NonLinCurveFit(Model, Data, [ InitialValues ], [ Bounds ], [ WeightingMode = NLCF_WEIGHTING_DATA ], [ Variance ], [ ScalingMode = NLCF_SCALING_NONE ], [ Scaling ], [ OutputOptions = NLCF_OUTPUT_PREDICTED_VALUES ], [ Settings ], [ Algorithm = NLCF_ALGORITHM_FULLNEWTON ] [ , OptionalParameters ])

 

The syntax of the NonLinCurveFit function consists of the following parts:

Part

Description

Model

Determines the model to be fitted to the data.

The argument can either be selected from a list of predefined models or a custom model can be specified.

The custom model is returned as a string or as a data series with two strings. The first string contains the FPScript code for calculating the model function. With the second string, an FPScript code is passed that analytically calculates the partial derivations of the model function for the individual parameters and is output as a list. If only one string is specified, the derivatives are approximated numerically. The parameters of a custom model with n number of parameters must be referenced in FPScript code as p[0], p[1], ..., p[n-1]. The independent variable is x.

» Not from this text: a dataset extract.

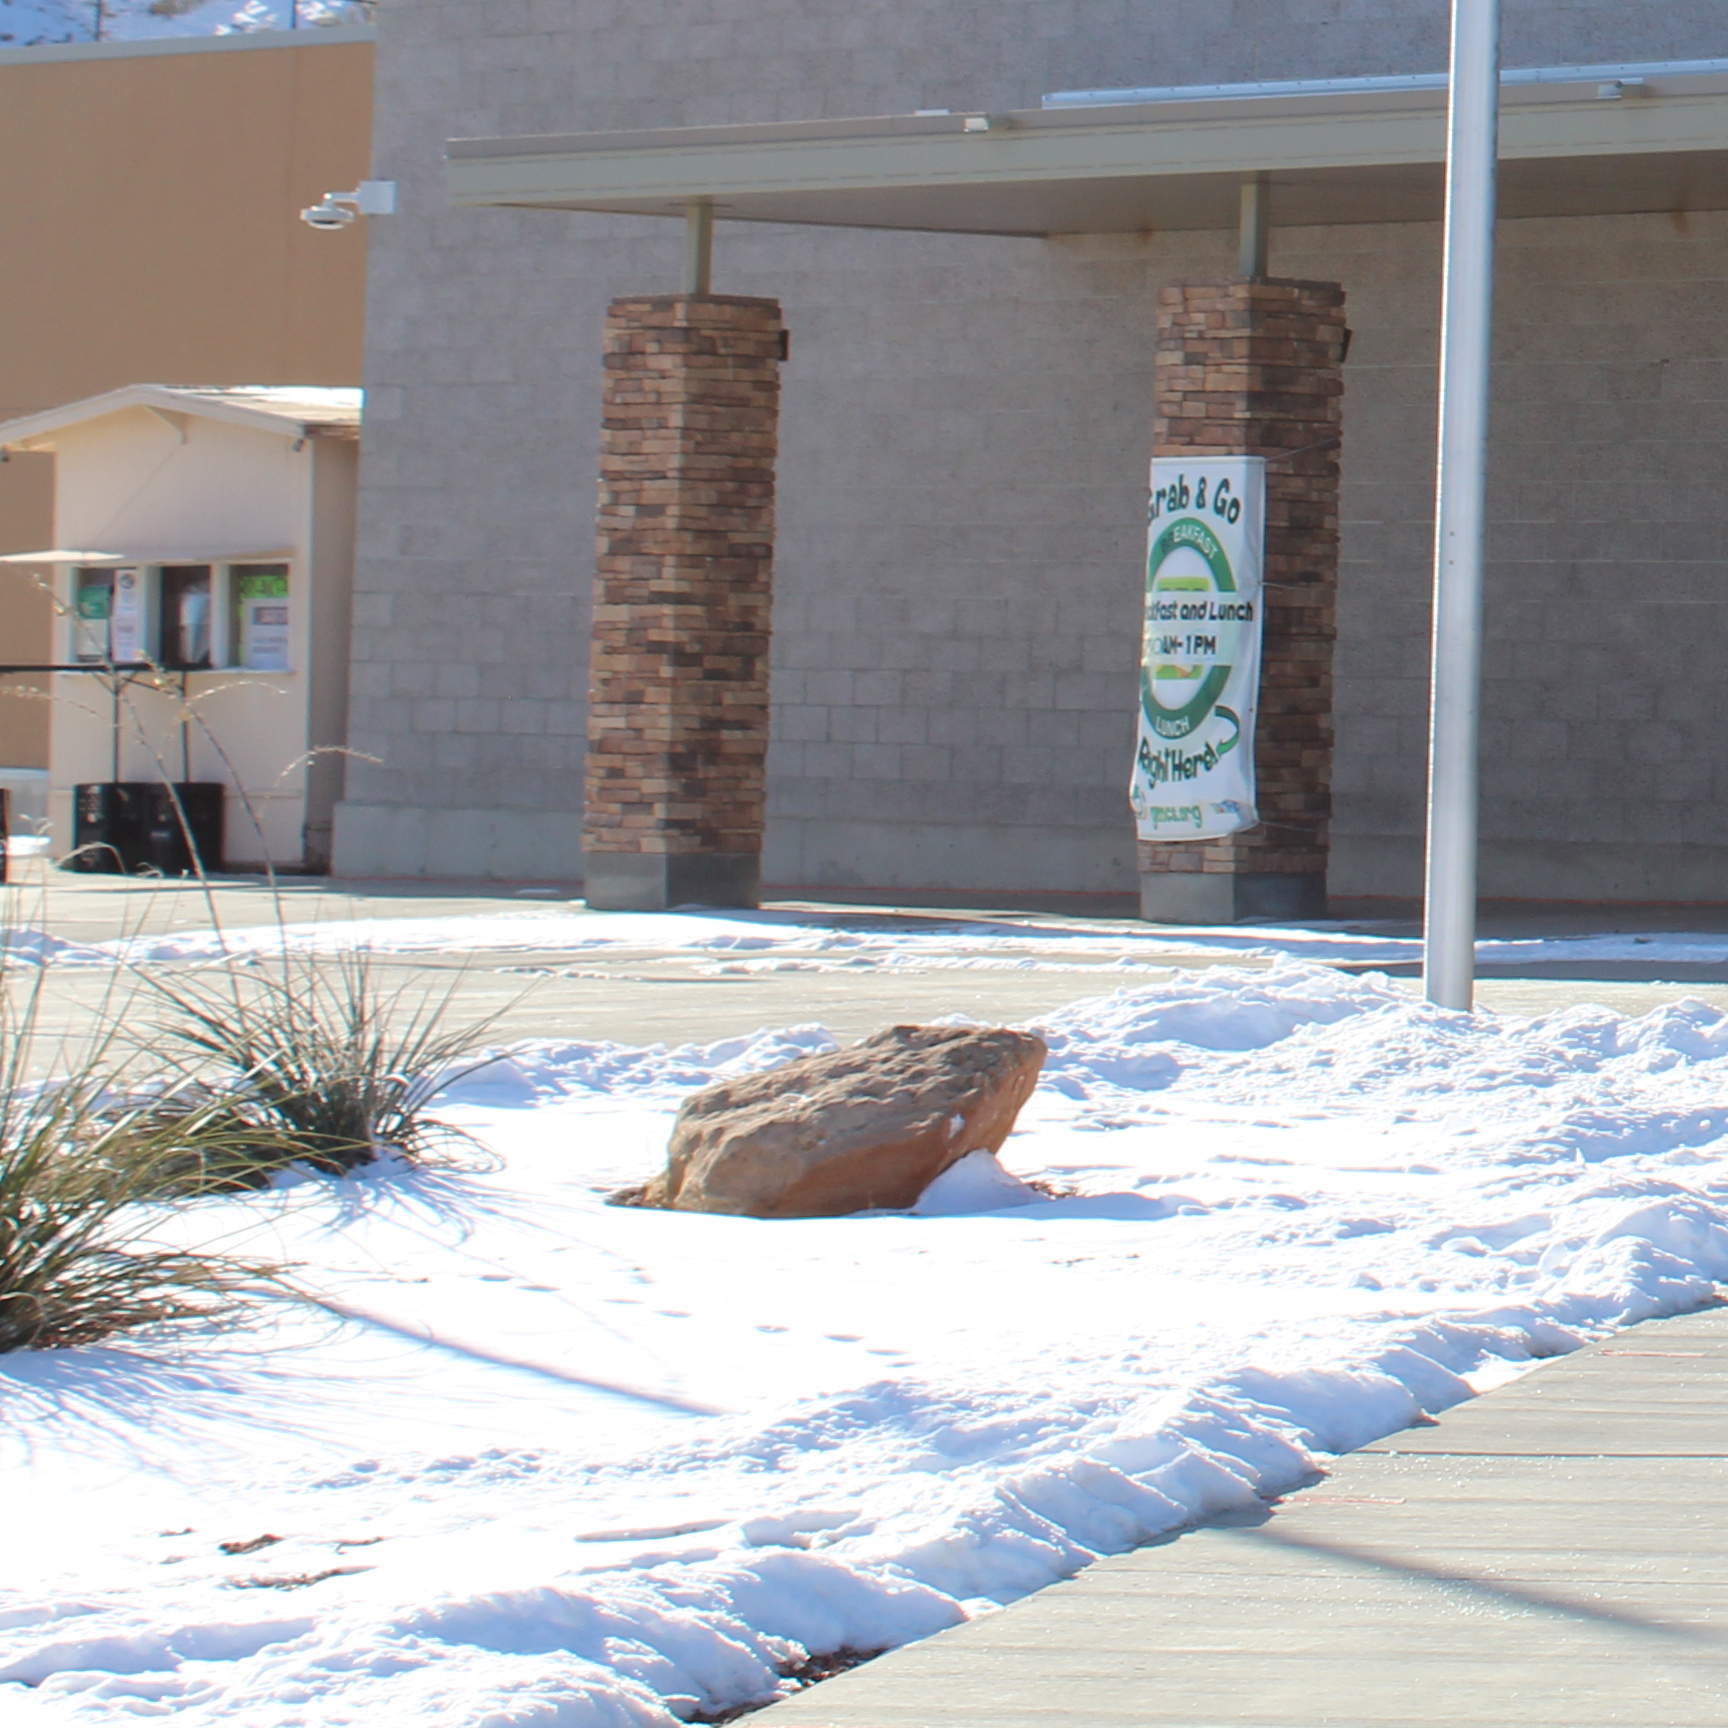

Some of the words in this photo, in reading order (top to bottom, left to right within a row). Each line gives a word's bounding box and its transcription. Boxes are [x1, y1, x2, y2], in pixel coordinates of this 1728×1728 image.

[1213, 478, 1240, 525] Go
[1180, 600, 1207, 621] and
[1208, 601, 1254, 621] Lunch
[1155, 715, 1191, 736] LUNCH

For instance, the data series {"p[0] + p[1] * x", "[1, x]"} is specified for the model "y = a + b x" for analytical calculation or the string "p[0] + p[1] * x" is specified for numeric calculation of the derivatives.

Note that x is passed as a data series and not as a scalar value, which means that the model function and partial derivatives are calculated in one step for all X values. The FPScript code must be designed accordingly.

Models with several dependent variables can also be defined. The model functions are then returned as a list, and derivatives are returned as a list with lists:

{"[ p[0] + p[1] * x.[0], p[1] * x.[1]^2 ]", "[ [1,x.[0] ] , [0, x.[1]^2] ]"}

Permitted data structures are scalar value und data series. Supported data types are 16-bit integer, 32-bit integer, 64-bit integer und string.

Data

These are the data to which the model is to be adapted. If the model has several dependent variables, then the argument must be specified as a list with one data set per variable.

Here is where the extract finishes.